(Saved data entries)
###
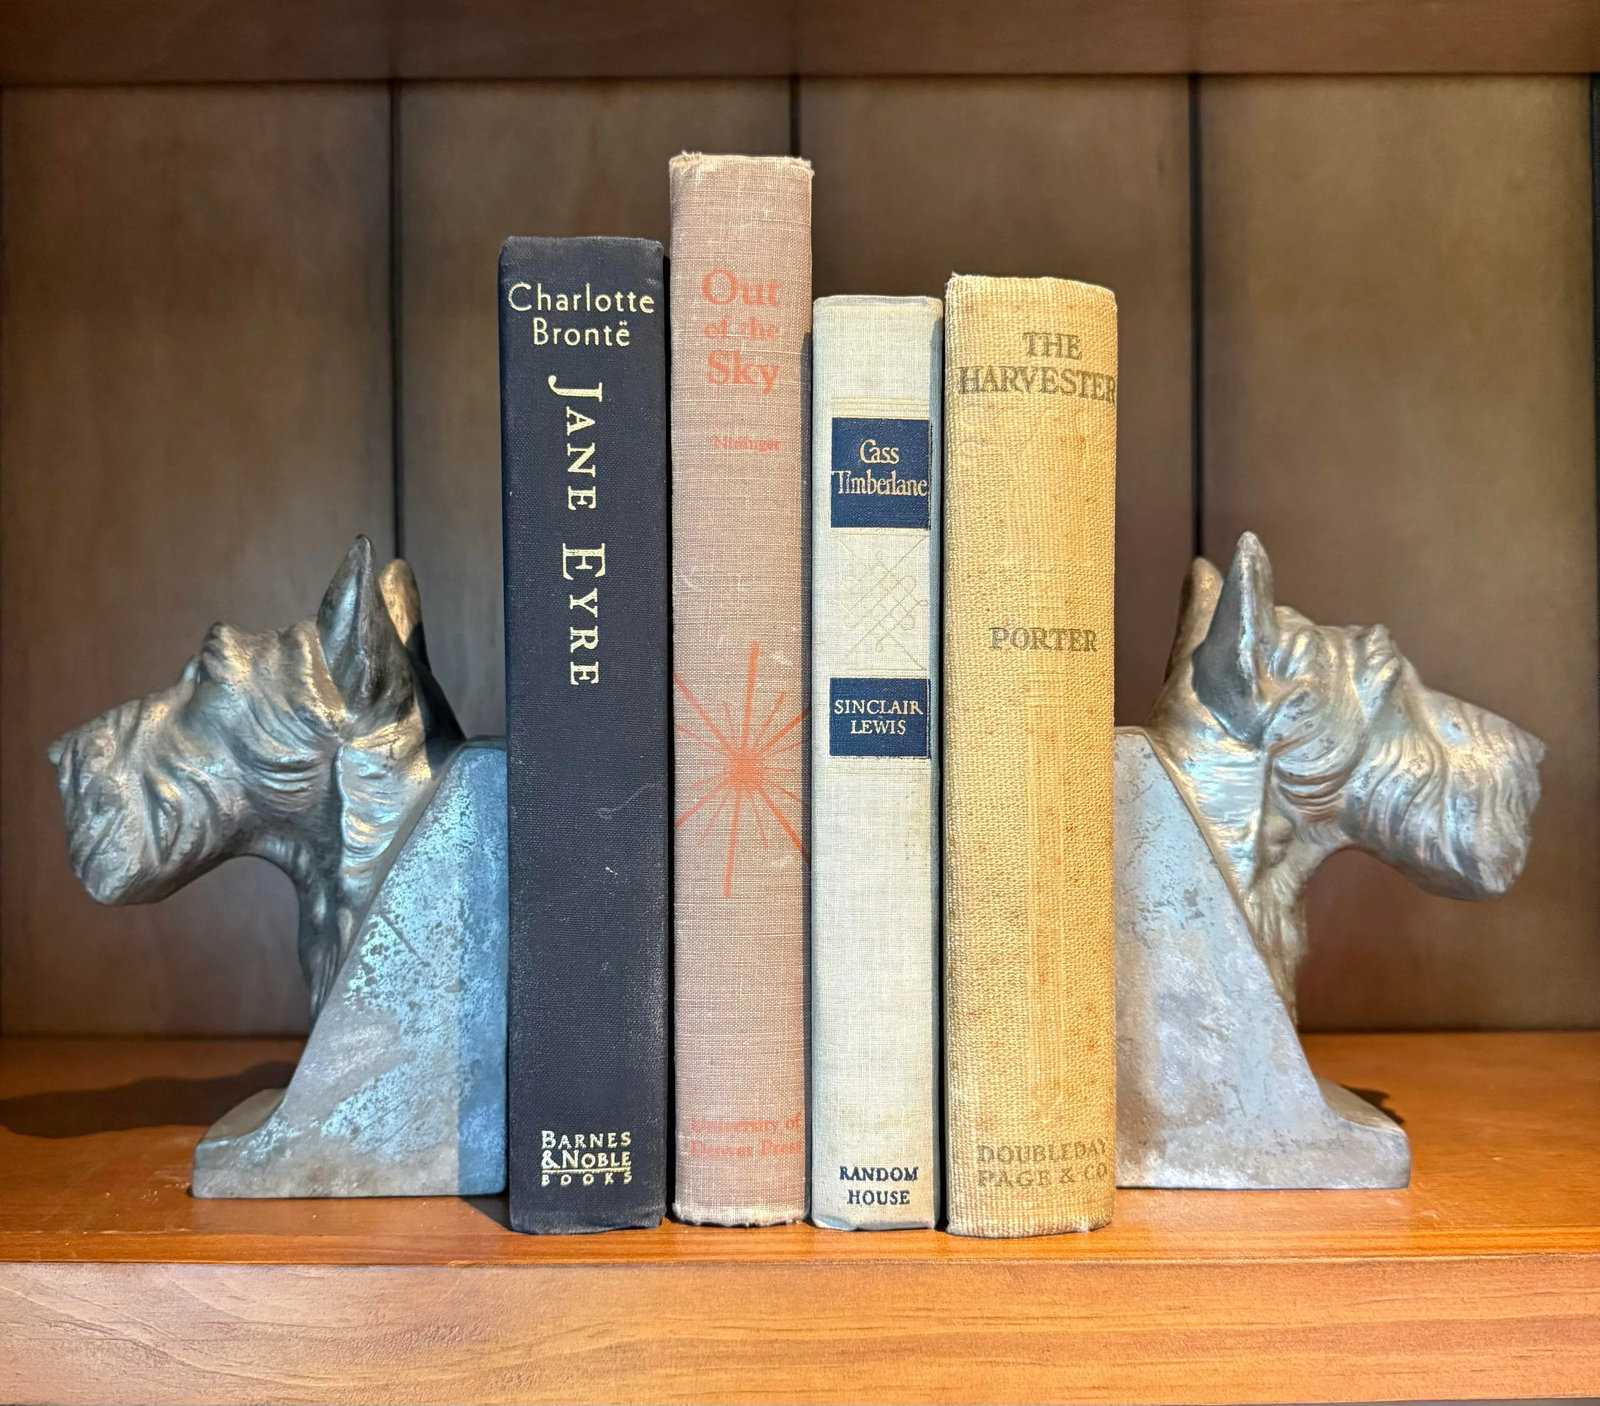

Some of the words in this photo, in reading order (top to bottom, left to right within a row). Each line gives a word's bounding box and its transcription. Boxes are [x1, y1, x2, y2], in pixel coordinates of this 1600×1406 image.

[508, 283, 655, 313] Charlotte
[702, 269, 780, 307] Out
[533, 318, 631, 347] Brontë
[704, 314, 729, 340] of
[1022, 332, 1083, 360] THE
[706, 350, 780, 395] Sky
[957, 365, 1116, 403] HARVESTER
[548, 375, 603, 510] JANE
[859, 439, 900, 464] Cass
[831, 469, 929, 497] Timberlane
[562, 543, 606, 686] EYRE
[988, 627, 1098, 652] PORTER
[834, 699, 924, 716] SINCLAIR
[850, 719, 907, 735] LEWIS
[541, 1130, 632, 1149] BARNES
[976, 1138, 1107, 1164] DOUBLEDAY
[541, 1171, 632, 1186] BOOKS
[839, 1166, 919, 1182] RANDOM
[977, 1169, 1051, 1188] PAGE
[1060, 1167, 1075, 1184] &
[847, 1189, 910, 1205] HOUSE
###
What the task asks. Word for word, copy every line of the data, excluding any pictures.

Final answer.
Some of the words in this photo, in reading order (top to bottom, left to right within a row). Each line gives a word's bounding box and its transcription. Boxes are [x1, y1, x2, y2], in pixel coordinates of this 1600×1406 image.

[508, 283, 655, 313] Charlotte
[702, 269, 780, 307] Out
[533, 318, 631, 347] Brontë
[704, 314, 729, 340] of
[1022, 332, 1083, 360] THE
[706, 350, 780, 395] Sky
[957, 365, 1116, 403] HARVESTER
[548, 375, 603, 510] JANE
[859, 439, 900, 464] Cass
[831, 469, 929, 497] Timberlane
[562, 543, 606, 686] EYRE
[988, 627, 1098, 652] PORTER
[834, 699, 924, 716] SINCLAIR
[850, 719, 907, 735] LEWIS
[541, 1130, 632, 1149] BARNES
[976, 1138, 1107, 1164] DOUBLEDAY
[541, 1171, 632, 1186] BOOKS
[839, 1166, 919, 1182] RANDOM
[977, 1169, 1051, 1188] PAGE
[1060, 1167, 1075, 1184] &
[847, 1189, 910, 1205] HOUSE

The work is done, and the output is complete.